Com'era partita la storia?

« La nostra ricostruzione della filiera era partita da una denuncia della Coldiretti sulle agromafie. Io, Giulio Rubino, e Lorenzo Bodrero ci siamo messi al lavoro dopo che l’associazione indipendente European Fund of Investigative Journalism ci aveva accordato un piccolo finanziamento. Un grosso sequestro nel Salernitano aveva svelato il meccanismo di una grande azienda, molto nota oltremanica, che utilizzava i pomodori cinesi per produrre un concentrato che veniva confezionato come italiano. Per il mito della cucina italiana in Inghilterra è stato un duro colpo, anche se il tribunale del riesame ha riaperto la procedura e il concentrato ha ripreso la strada dei mercati, in poche parole gli inglesi la salsa di pomodori cinesi se la sono mangiata. Ecco perché il Guardian è stato poi così interessato agli sviluppi e alla condanno in primo grado».

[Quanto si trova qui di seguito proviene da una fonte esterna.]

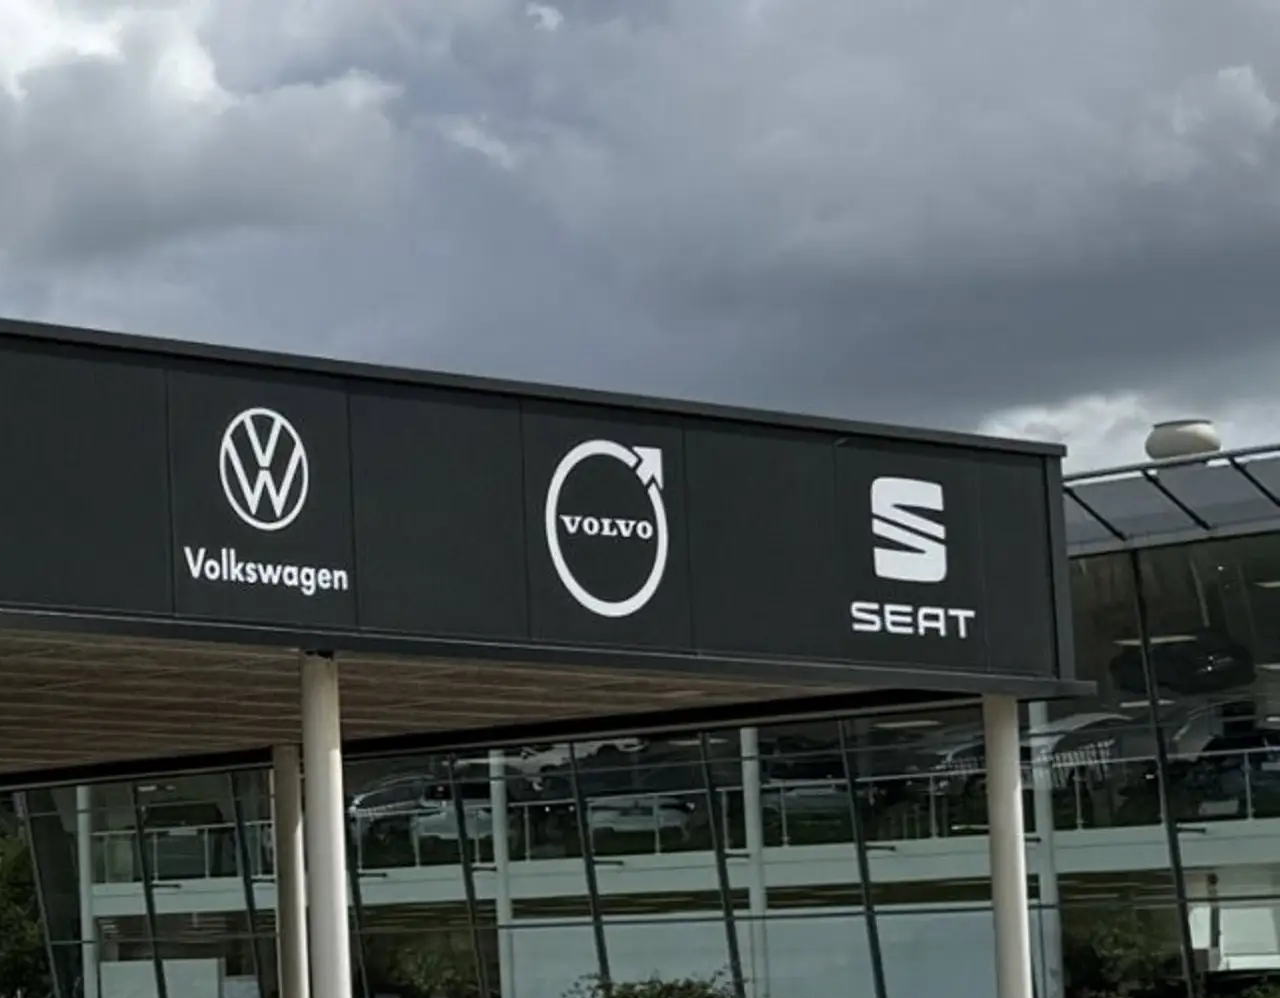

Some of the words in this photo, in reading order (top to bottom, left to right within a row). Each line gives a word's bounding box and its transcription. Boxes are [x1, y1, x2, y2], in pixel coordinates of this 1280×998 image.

Come vede dalla sua posizione il giornalismo italiano?

«Credo che molte redazioni non vogliano pubblicare anche a causa delle restrizioni che provengono dalla nostra legislazione sulla diffamazione a mezzo stampa. Ma è anche vero che per qualche motivo spesso la scusa è che il pubblico non è interessato. In realtà, dall'altra parte dell'edicola, se così si può dire, è chiaro che il pubblico non vuole solo le storie di Belen, è interessato anche a quelle che gli forniscono informazioni sul mondo in cui vive. L'esempio del nostro lavoro sull'olio è esemplare, sicuramente anche la mitica “casalinga di Voghera” è interessata al tema. Capisco che certe cose complesse, come un’altra inchiesta che ci ha pubblicato l’Espresso su un ex-agente CIA scappato a Panama e connesso al caso Abu Omar possa essere un po’ meno facile da seguire, ma sono anche sicura che molti italiani col caffè pomeridiano, siano disposti a dedicarsi alla lettura di storie che siano più lunghe e intricate».

Come fate senza la rete di fonti che i giornali storici hanno in piedi?

«Irpi è una novità, e le novità spesso attraggono. Inoltre, Irpi ha lanciato una piattaforma in rete che si chiama Irpileaks, grazie al centro studi Hermes per la trasparenza e i diritti umani, che permette di inoltrare segnalazioni anonime tutelando la fonte. Sarà poi il nostro board di giornalisti a vagliare le segnalazioni e a sviluppare delle inchieste sui temi ritenuti di rilevanza pubblica e sulle notizie attendibili».

Il prossimo scoop?

«Un’inchiesta, un vero intrigo internazionale che parte però dall’Italia. Rifiutata nel nostro paese, ha suscitato interesse negli Usa e sarà pubblicata il prossimo gennaio».